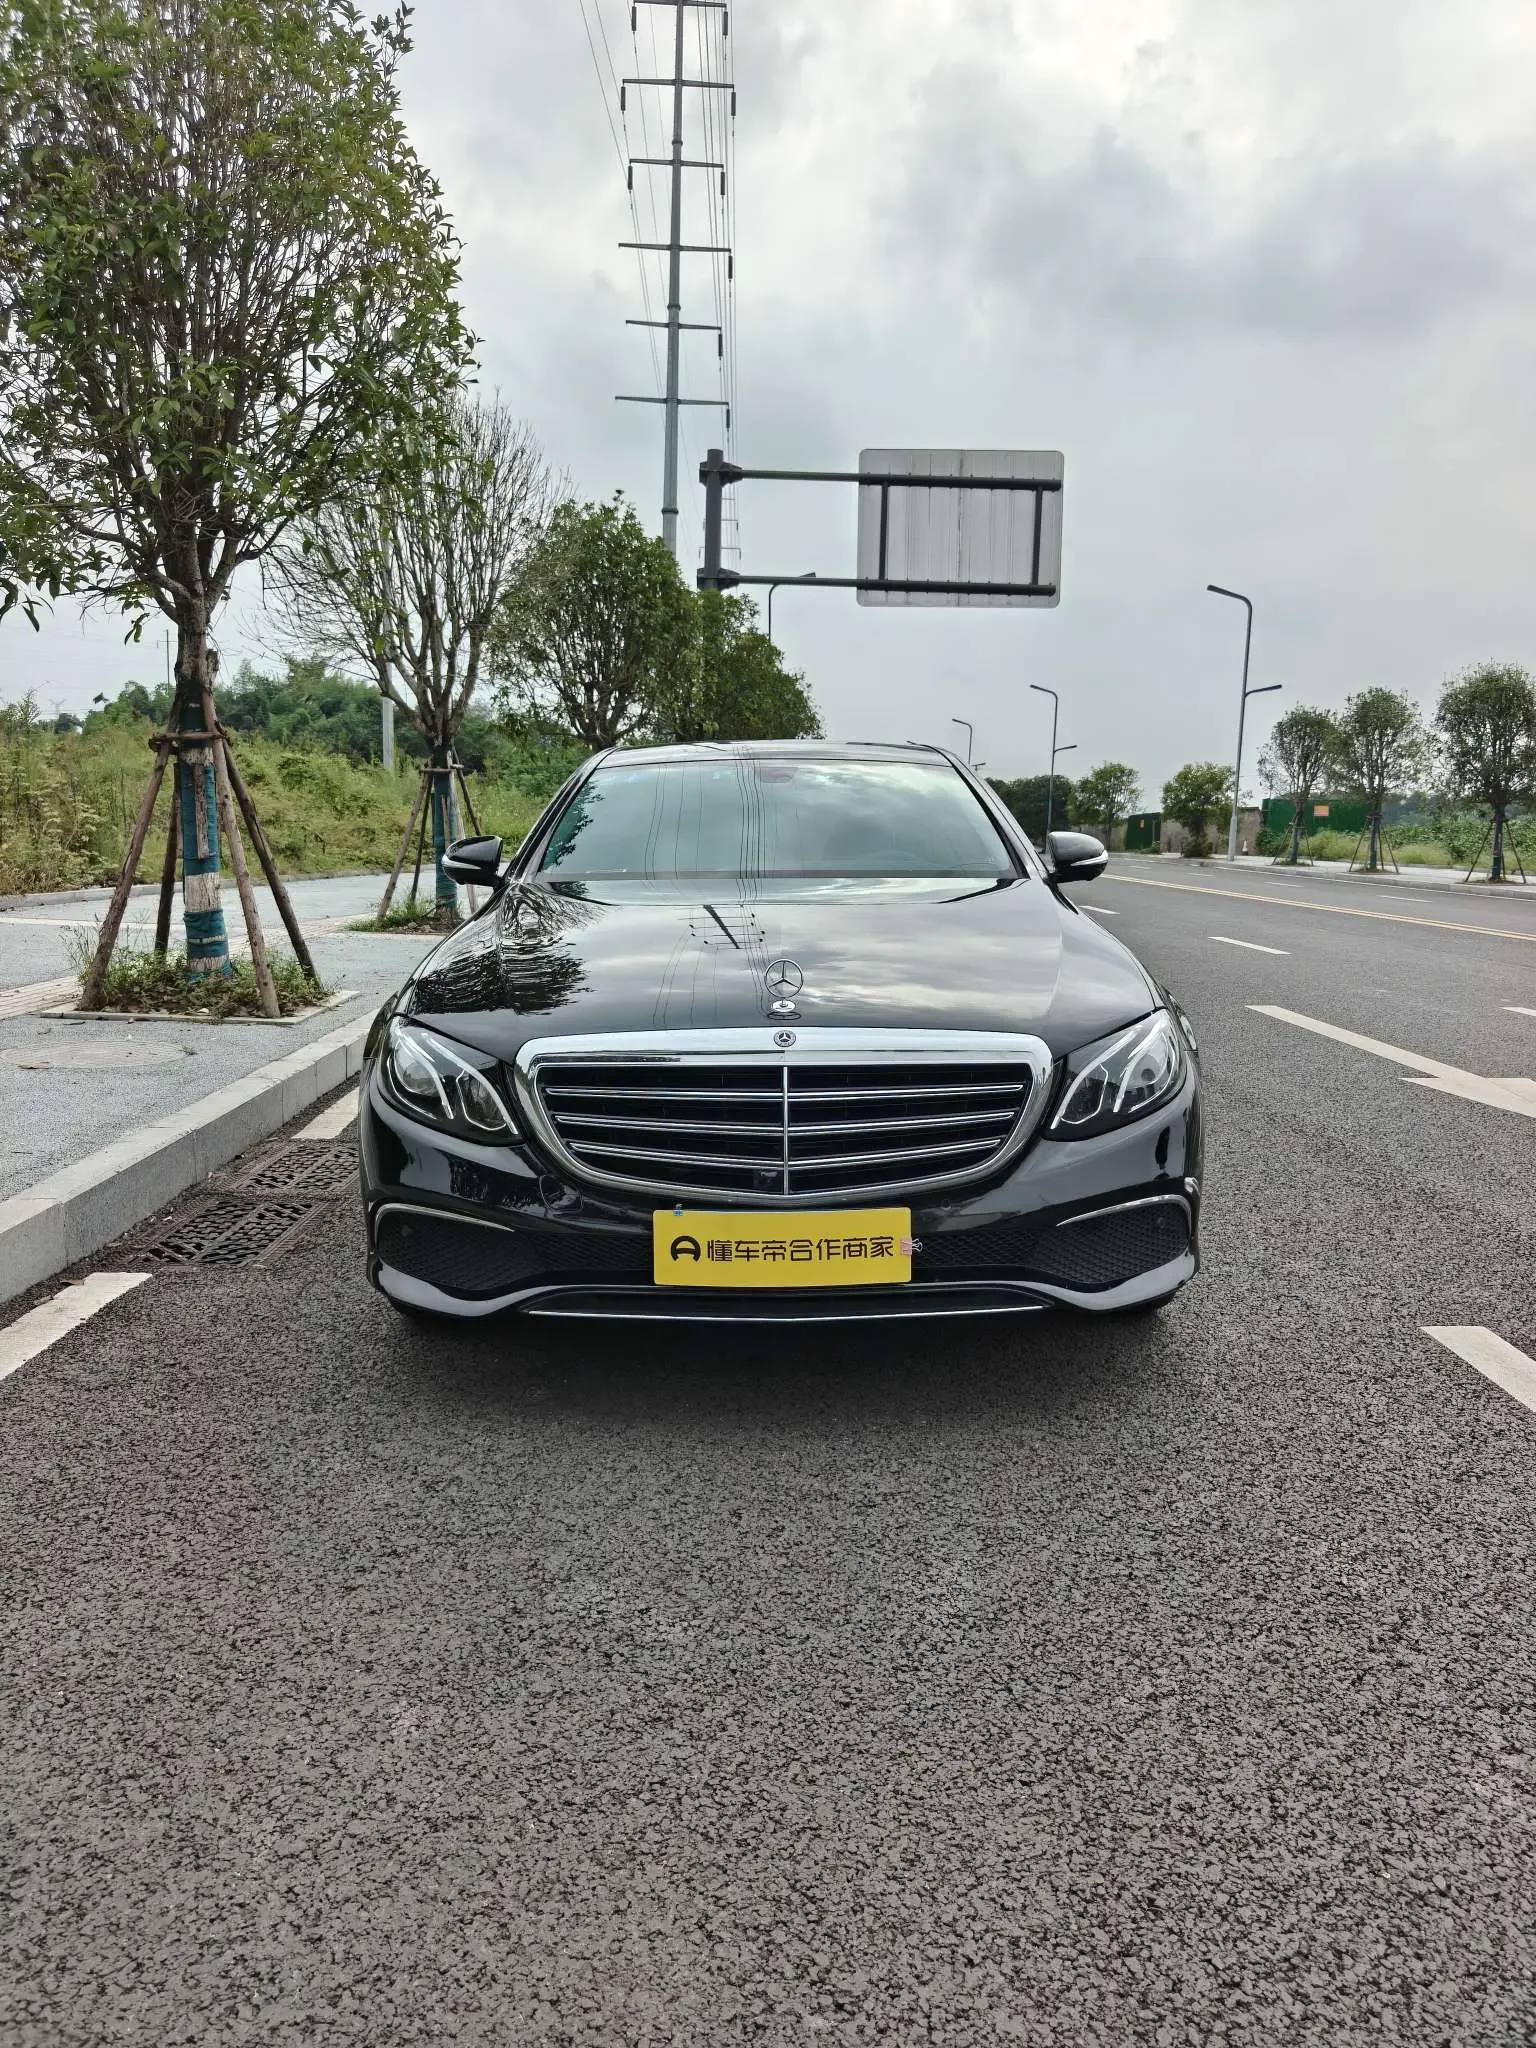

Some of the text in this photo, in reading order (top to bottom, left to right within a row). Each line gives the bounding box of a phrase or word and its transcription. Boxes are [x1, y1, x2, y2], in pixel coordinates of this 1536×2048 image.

[706, 1236, 894, 1262] 懂车帝合作商家
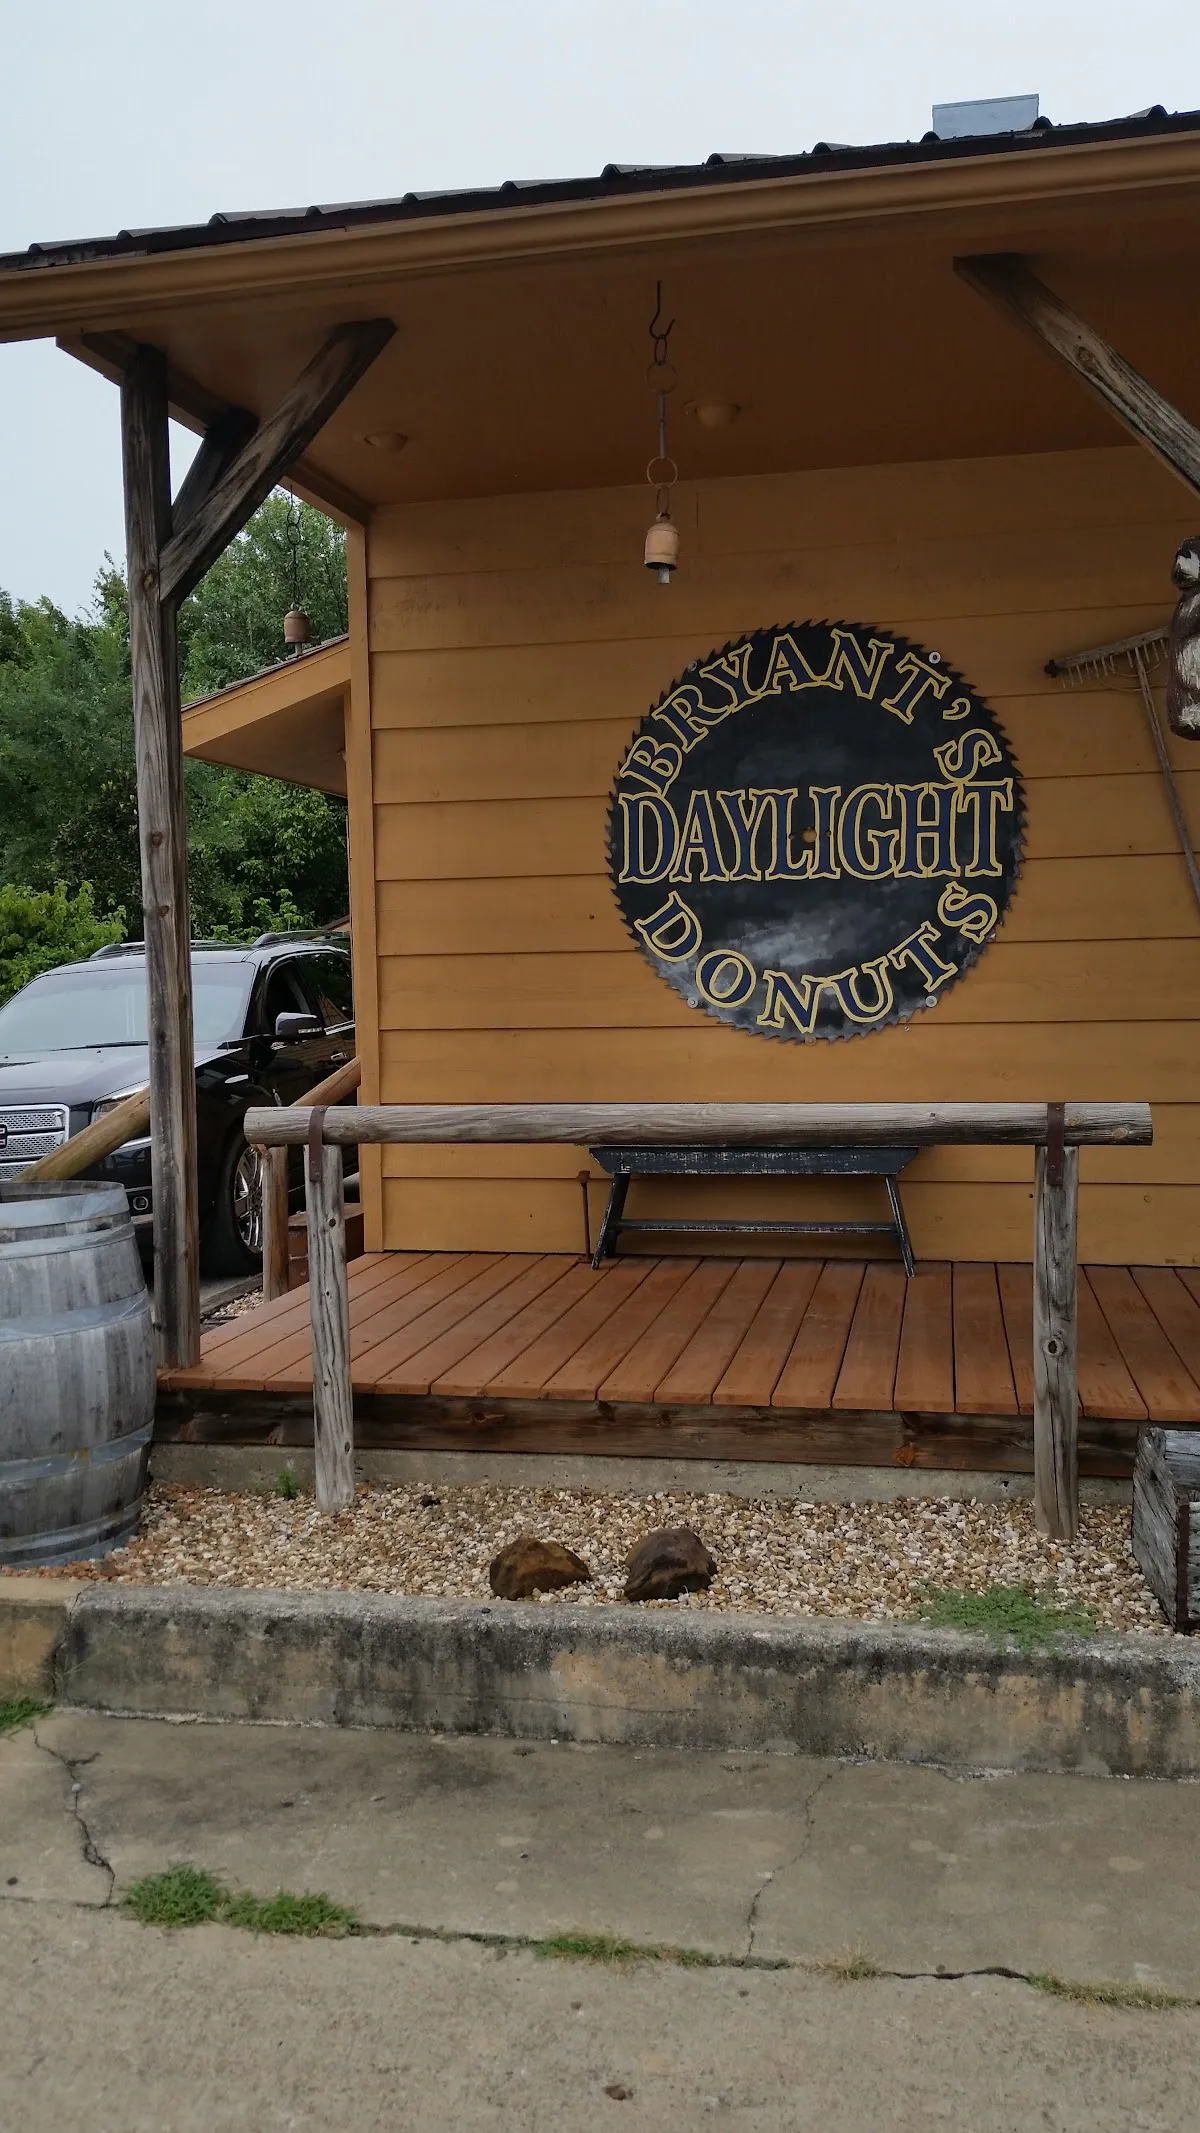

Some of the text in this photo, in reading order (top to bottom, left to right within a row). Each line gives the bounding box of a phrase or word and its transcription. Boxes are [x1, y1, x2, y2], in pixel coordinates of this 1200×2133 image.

[620, 629, 1002, 795] BRYANT'S
[619, 778, 1013, 882] DAYLIGHT
[635, 882, 998, 1034] DONUTS

* [Task goal]
Write out exactly the lines that begin at the one containing "this 1200×2133 image." and continue through the last line of the data, and only those.

* [Finished exercise]
Some of the text in this photo, in reading order (top to bottom, left to right within a row). Each line gives the bounding box of a phrase or word and its transcription. Boxes are [x1, y1, x2, y2], in pixel coordinates of this 1200×2133 image.

[620, 629, 1002, 795] BRYANT'S
[619, 778, 1013, 882] DAYLIGHT
[635, 882, 998, 1034] DONUTS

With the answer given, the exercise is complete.